Com tanta metodologia e prescrições, umas pagas chorudamente
em workshops, outras gratuitamente
adquiridas apenas ao navegar pela internet à distância de um clic, pergunto-me porque será que ainda
existem SERES que, em vez de consultarem um especialista, ou/e se automedicarem
ou/e, ainda, lerem uns quantos fabulosos artigos já publicados, canalizam as
suas forças, energias (estas sim doentias) e massa cefálica a pretenderem curar
a felicidade alheia com injeções de mentira, inveja, vingança, rancor e
crueldade? Assumindo uma duplicidade de papeis/trajes, ora de vítima, ora de
agressor.
Parece que, por estes dias, é mais grave ser-se feliz, ou
pelo menos estar a bem com a VIDA, do que estar num estado
depressivo-agressivo! Aparenta, e reforço, aparenta, que o bem-estar é mais
preocupante do que o mal-estar individual! Causa mais indignação uma boa risada,
do que o triste soluço mal disfarçado que asfixia e causa dor.

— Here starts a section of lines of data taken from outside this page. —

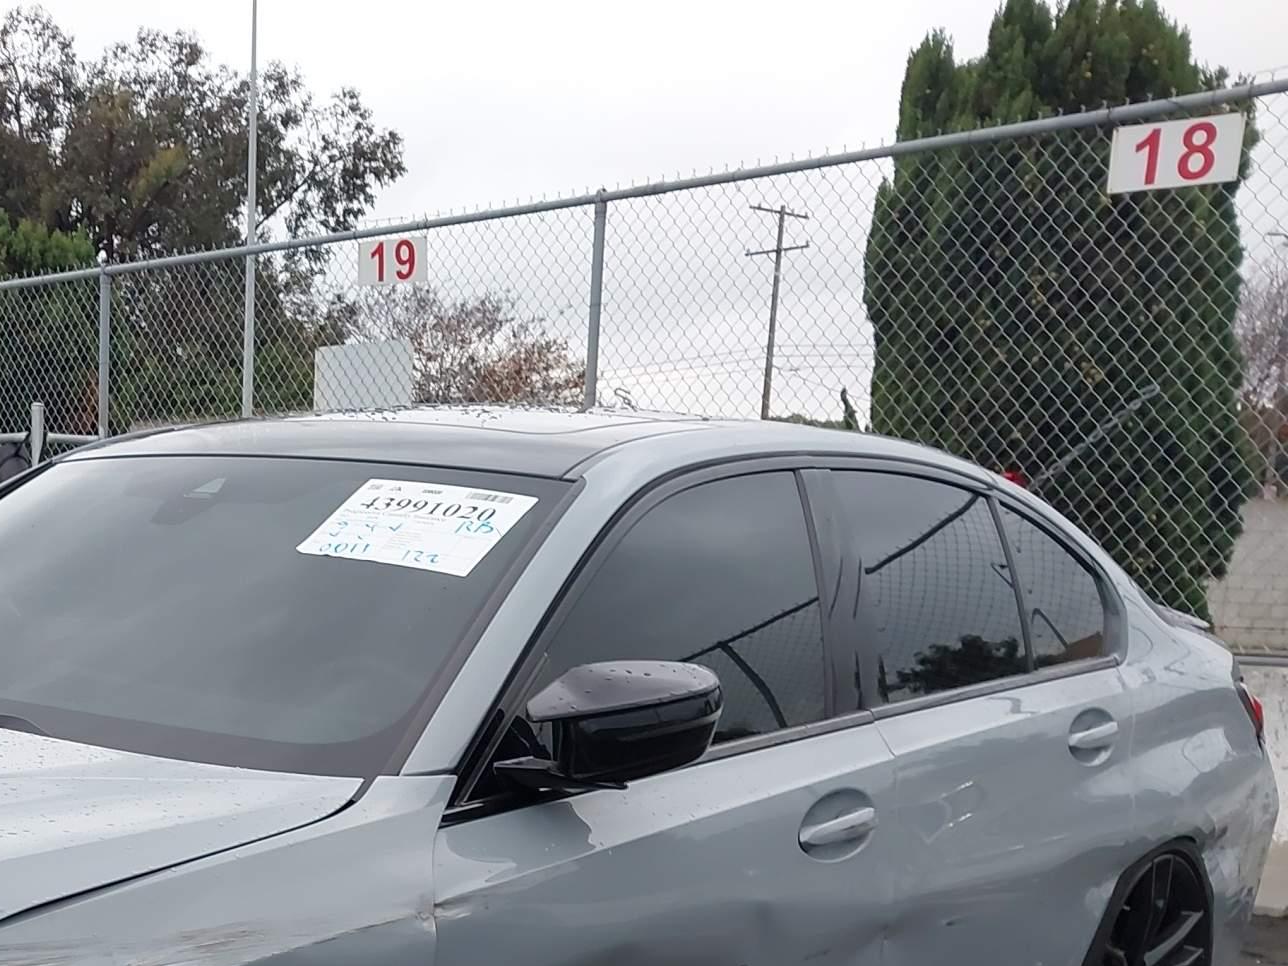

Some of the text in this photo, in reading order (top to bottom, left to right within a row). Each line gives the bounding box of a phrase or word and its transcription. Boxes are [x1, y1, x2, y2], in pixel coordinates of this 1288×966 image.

[1135, 122, 1217, 185] 18
[370, 239, 416, 282] 19
[360, 496, 497, 522] 43991020
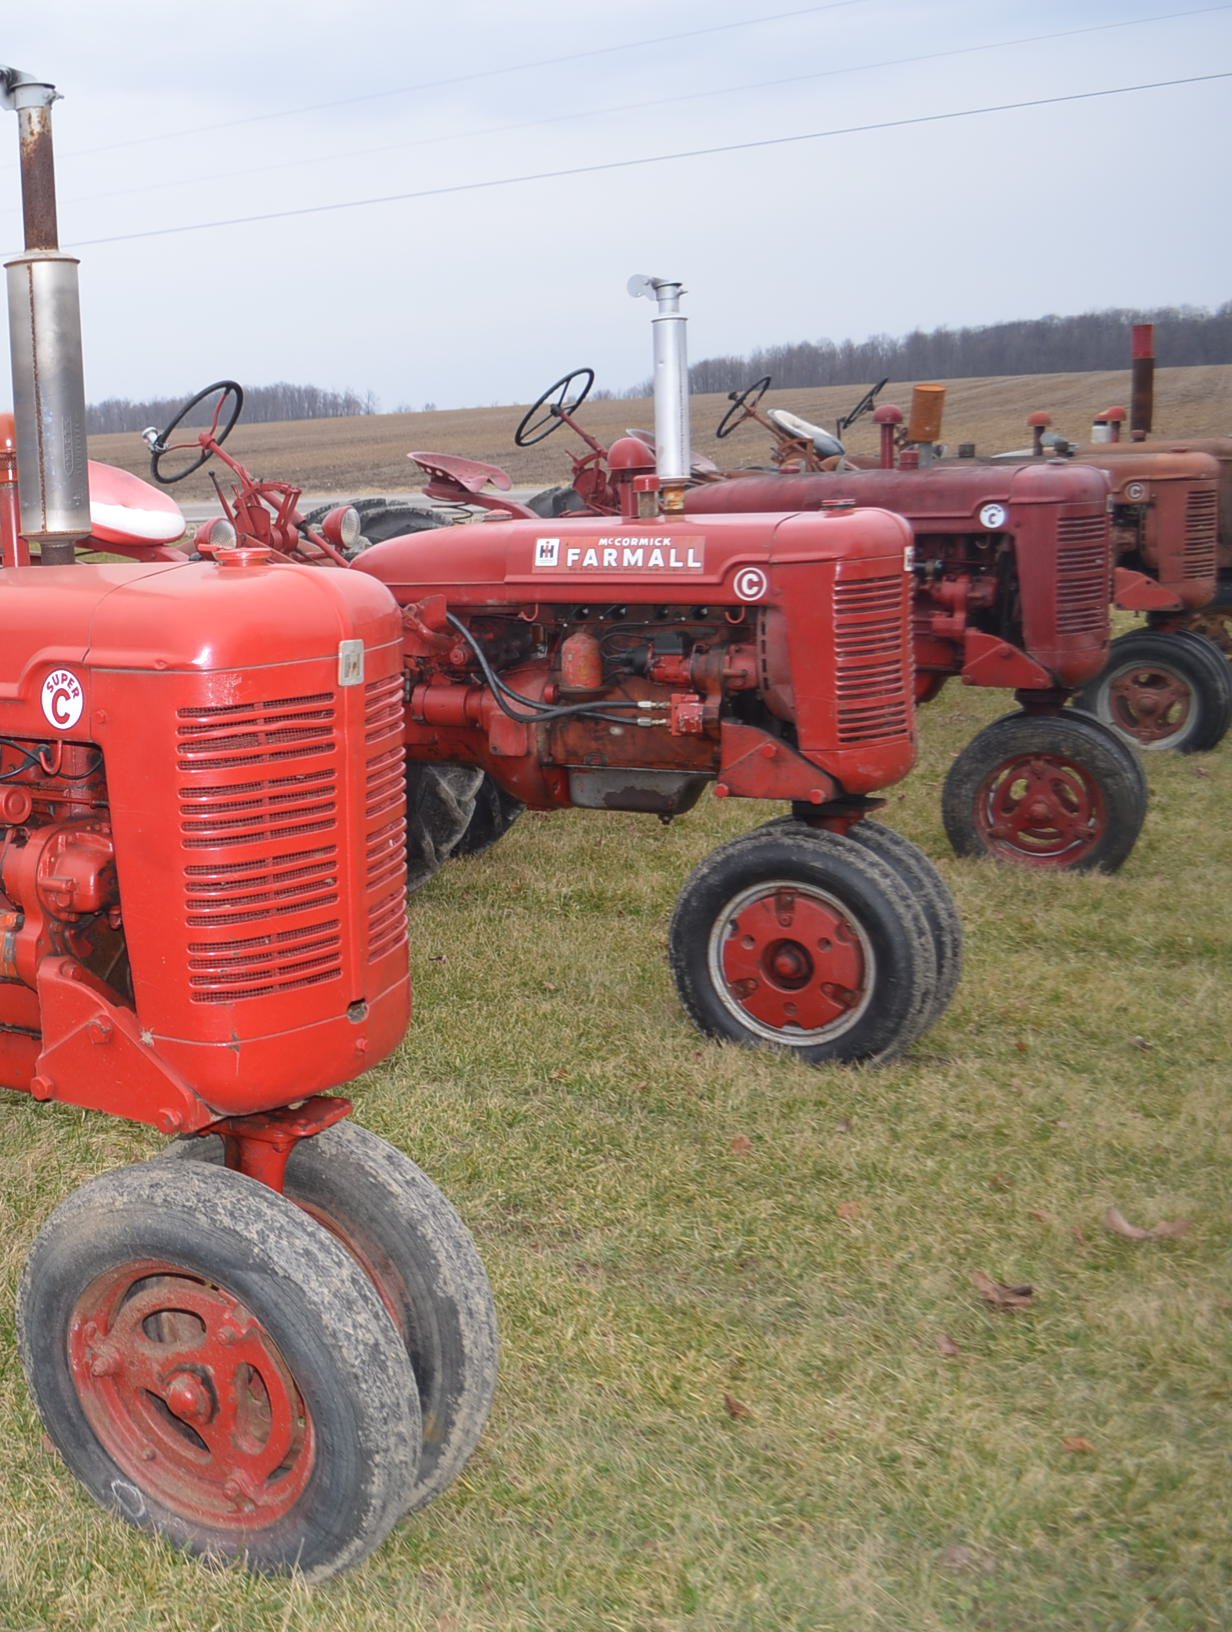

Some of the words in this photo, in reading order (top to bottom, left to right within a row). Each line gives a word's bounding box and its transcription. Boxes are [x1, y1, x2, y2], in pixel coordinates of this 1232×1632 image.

[566, 547, 702, 568] FARMALL
[741, 573, 760, 595] C
[46, 672, 81, 699] SUPER
[51, 687, 71, 725] C

Será que estes SERES sugadores de felicidade estarão tão alucinados
ao ponto de acreditarem que, tal como acontece numa transfusão de sangue em que
os compostos se diluem numa mesma circulação, também eles conseguirão alcançar
a panaceia da felicidade, sugando-a dos outros SERES? Será que estes SERES
desprovidos de qualquer nobreza de sentimentos serão eles os vampiros do tempo presente?
Intitulam-se vítimas da má-sorte e do abandono, mas agem como dominadores. Será
que numa pobreza de carácter terão a ilusão de que a felicidade se rouba ou
invés de se construir de dentro para fora, tendo como pilar a nobreza e
autenticidade dos sentimentos, dos afetos, dos gestos e das palavras?
Acreditarão que o próprio bem-estar se constrói sobre os despojos da dor de
outrem?
A felicidade vai sendo o radioso reflexo da beleza interior
de cada um.
Quando vamos na rua e tropeçamos numa pedra, umas vezes
conseguimos manter o equilíbrio, outras vezes caímos. Aleijamo-nos com mais ou
menos gravidade. Cuidamos da ferida para que ela não infete e cicatrize o mais
rapidamente possível. Quando assim é somos SERES cuidadores de nós próprios. E
contagiamos quem nos quer bem com esta alegre resistência. Somos SERES
cuidadores do outro. Lutamos com garra para vencer a nossa dor, saramos as
nossas feridas e seguimos em frente. Somos sobreviventes! Daí por diante,
apenas seguimos já mais atentos às pedras que poderemos vir encontrar na nossa
jornada. Aprendemos a caminhar seguro, não esquecendo a pedra que nos fez cair.
Mas também não evitando todas as pedras que surgirão no caminho que só
terminará quando a vontade de VIVER se desvanecer. Também não nos revoltamos
com todas as pedras! Não as passamos a odiar! Aplicamos a unção da compreensão
e do perdão, reconhecendo os nossos próprios limites e imperfeições. E somos
fortes por isso. Acreditamos que estar VIVO é ir sempre afastando a meta,
ultrapassando os próprios marcos, ambicionando a tão utópica mestria. Seguimos
caminhando sempre na esperança de encontramos bons trilhos, bons companheiros
de jornada, sem nunca perder a consciência do acidentado do percurso. Enfim!
Construímos a felicidade da caminhada dentro de nós, por nós próprios e para
nosso regozijo.
Os SERES sugadores de felicidade são SERES sem trilho! Sem
ponto de partida e não estão construindo a sua meta-felicidade. Desconhecem o
companheirismo. E são fracos por isso. Não curam de suas feridas! Tão pouco das
feridas dos outros! Aprofundam-nas ainda mais, alimentando-se da dor que em si
causam e naquela que julgam causar aos outros. São ELES a colocarem as pedras
em seus próprios caminhos num frenético ziguezague que provavelmente os
consumirá. Gastam seu potencial, não a construírem o seu bem-estar, mas a
arquitetar manhosamente estratégias de sugar a felicidade que julgam ser sua
por direito. Esgotando a sua efémera passagem por esta VIDA invejando a
caminhada alheia. O seu tempo se apagará sem nunca terem tido, sequer, um
pequeníssimo vislumbre da felicidade que é sentida quando somos construtores e
vencedores da nossa própria caminhada.